After the Zonal Jim Walsh and I went on a holiday first to Prague where we were present at a match between Italy and Czechoslovakia and visited nearby Karlstein in the company of the two teams. Then on to Vienna in Ludek Pachman's car to attend the FIDE congress and finally to Berlin to visit Vincent Maher who was stationed there with the British Army as a doctor. In Vienna we had an amusing experience. On arrival we booked into a small hotel on the Mariahilfer Strasse and went out to a cafe across the street. As in all good cafes in Vienna chess games were in progress and we stopped to watch one. White's next move was O-O-O but he put his king on b1 and rook on c1, whereupon Pachman leaned over politely and placed the pieces as per the official rules. However, all he got for his trouble was a very dirty look from White who placed the pieces back on b1 and c1.

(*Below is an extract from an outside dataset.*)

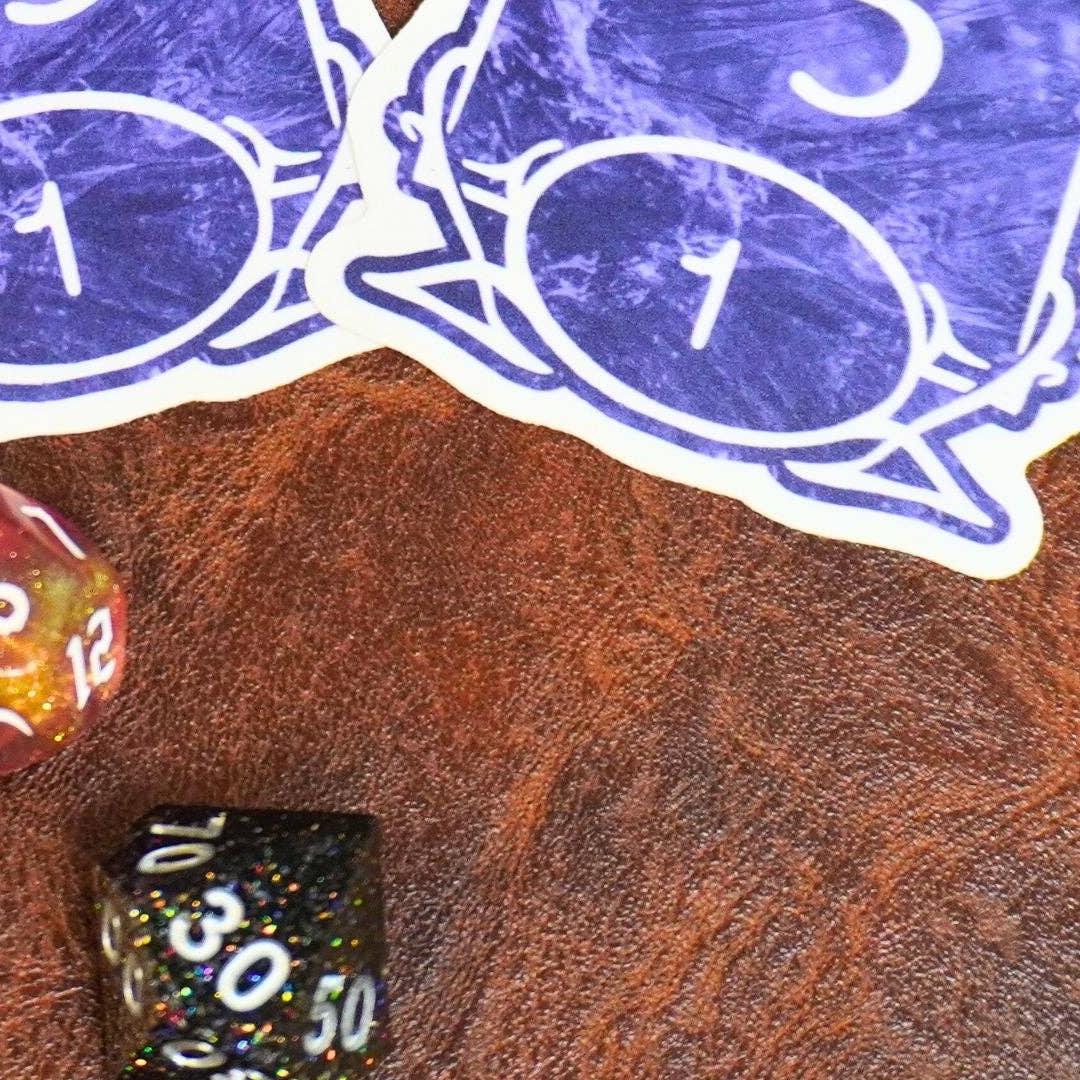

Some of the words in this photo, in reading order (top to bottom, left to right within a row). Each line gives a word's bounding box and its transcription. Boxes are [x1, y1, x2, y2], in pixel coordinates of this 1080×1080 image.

When we were in Prague news broke of Benkö's defection to the USA. Pachman told us that Benkö had tried to escape to the West before (while playing in an East Berlin tournament) with a bundle of useless East German marks. After he left the Dublin Zonal Benkö had asked me to forward a letter he was expecting from America to Luxembourg where he was playing another tournament. He obviously must have got it, but it didn't come through me.
Later in 1957 I decided to resign from the ICU. My girlfriend (later my wife), who had done Trojan work during the Zonal preparing the book of the tournament and otherwise helping with the organisation, became ill and was confined to hospital for 6 months. I also found chess was interfering with my work in telecommunications. It took some time before I could disentangle myself, but when I did it was a complete break.